## TASK DIRECTIONS
Once the pictures are set aside, output all the records exactly.

## LISTED RECORDS

/---

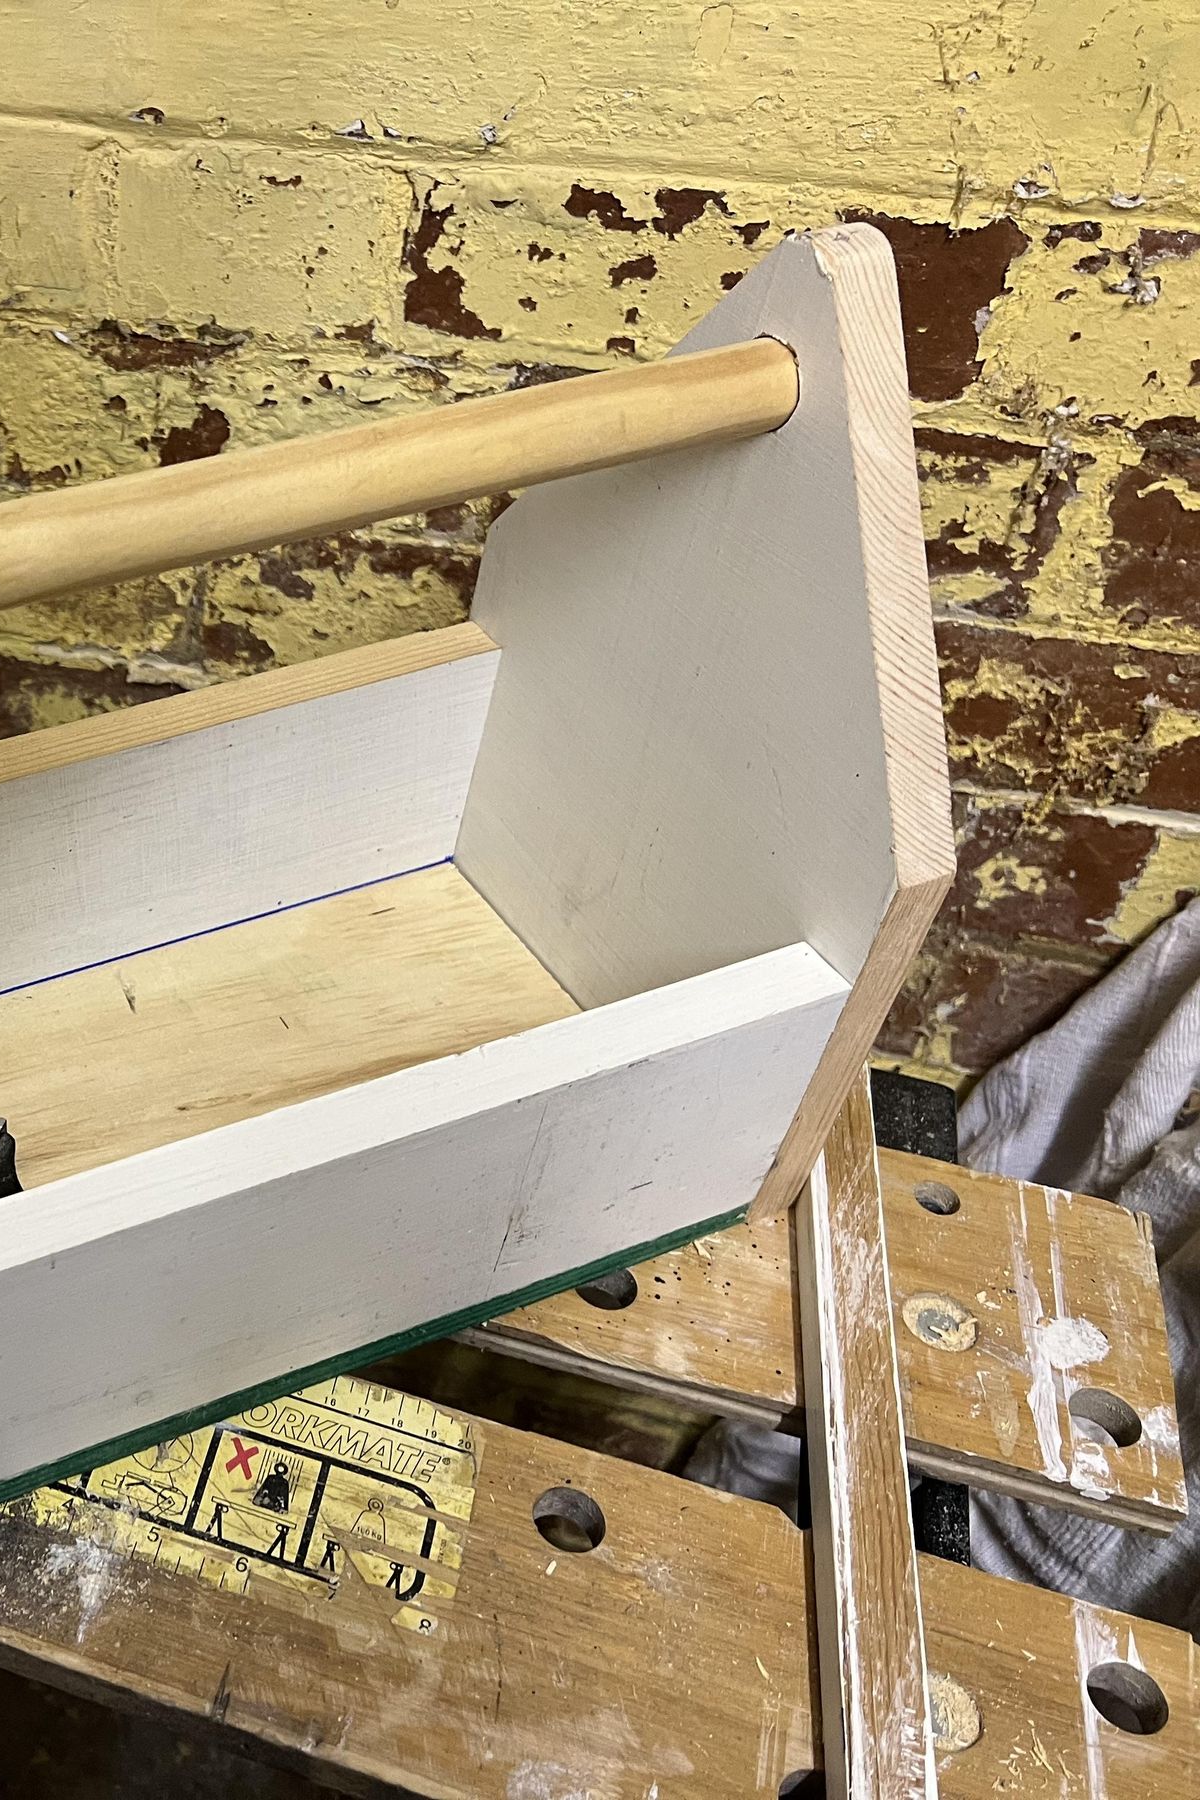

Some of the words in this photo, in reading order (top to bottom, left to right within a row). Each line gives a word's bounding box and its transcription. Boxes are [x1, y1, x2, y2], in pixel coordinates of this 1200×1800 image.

[324, 1396, 337, 1407] 16
[357, 1407, 370, 1418] 17
[390, 1417, 403, 1428] 18
[424, 1428, 438, 1439] 19
[457, 1439, 472, 1450] 20
[146, 1526, 161, 1543] 5
[234, 1556, 249, 1573] 6
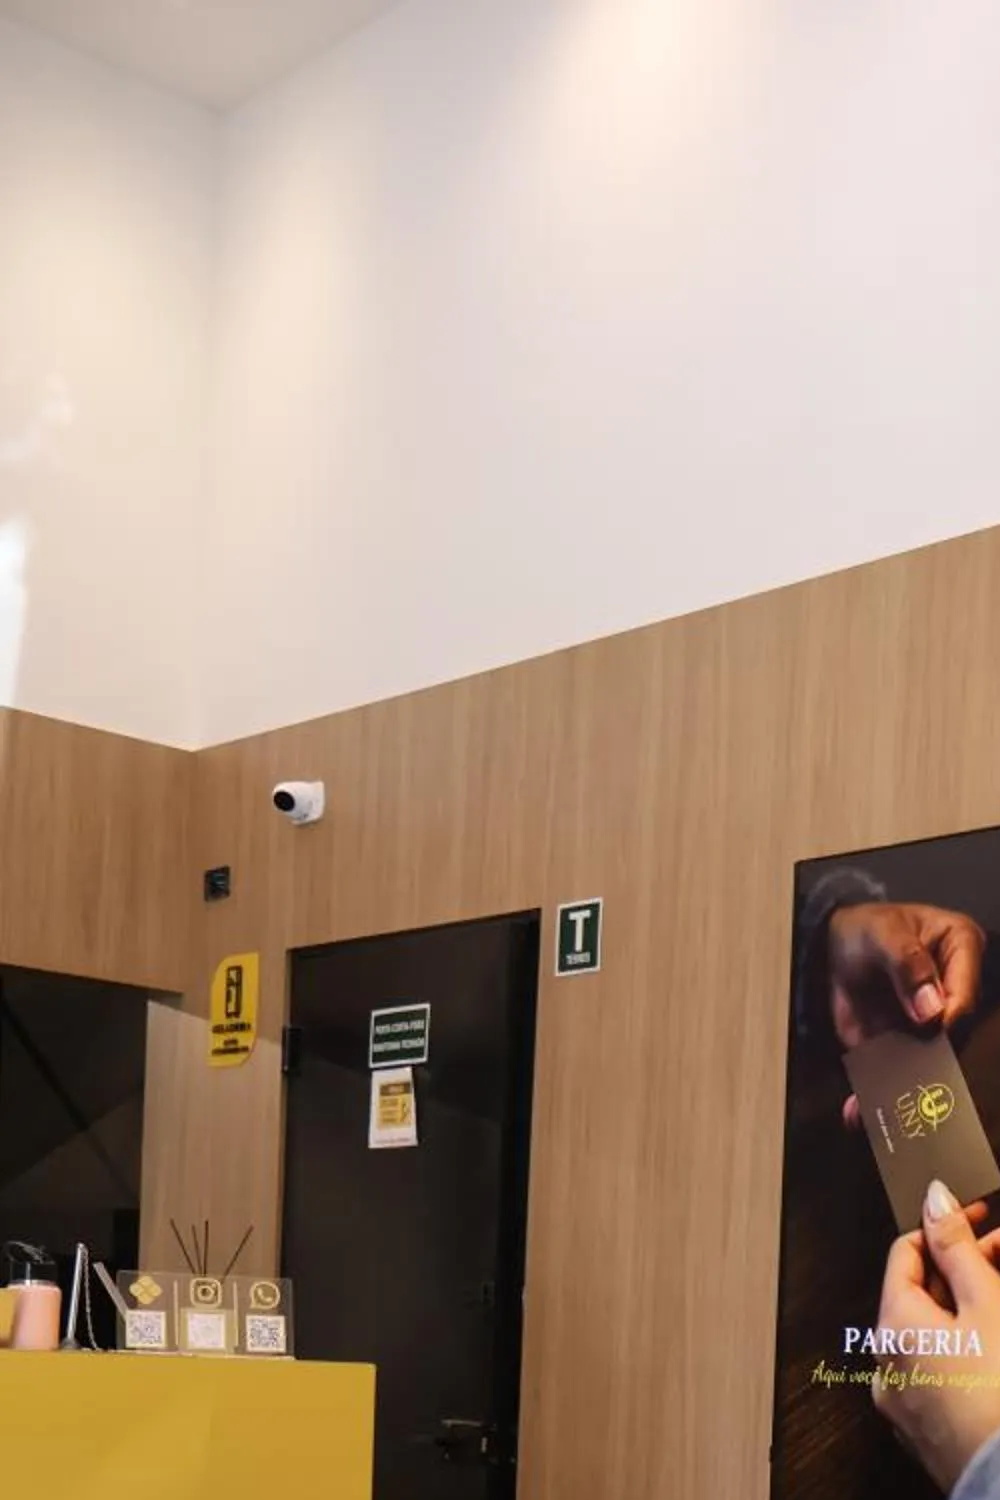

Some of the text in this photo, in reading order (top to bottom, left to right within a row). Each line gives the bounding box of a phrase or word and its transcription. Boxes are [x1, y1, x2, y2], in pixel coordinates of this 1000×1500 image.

[568, 909, 591, 953] T
[843, 1326, 983, 1357] PARCERIA
[811, 1359, 847, 1391] Aqui
[880, 1361, 907, 1392] faz

\---

## TASK OUTPUT
Some of the words in this photo, in reading order (top to bottom, left to right within a row). Each line gives a word's bounding box and its transcription. Boxes are [x1, y1, x2, y2], in pixel coordinates of this 1200×1800 image.

[324, 1396, 337, 1407] 16
[357, 1407, 370, 1418] 17
[390, 1417, 403, 1428] 18
[424, 1428, 438, 1439] 19
[457, 1439, 472, 1450] 20
[146, 1526, 161, 1543] 5
[234, 1556, 249, 1573] 6

Some of the text in this photo, in reading order (top to bottom, left to right within a row). Each line gives the bounding box of a phrase or word and its transcription. Boxes are [x1, y1, x2, y2], in pixel coordinates of this 1000×1500 image.

[568, 909, 591, 953] T
[843, 1326, 983, 1357] PARCERIA
[811, 1359, 847, 1391] Aqui
[880, 1361, 907, 1392] faz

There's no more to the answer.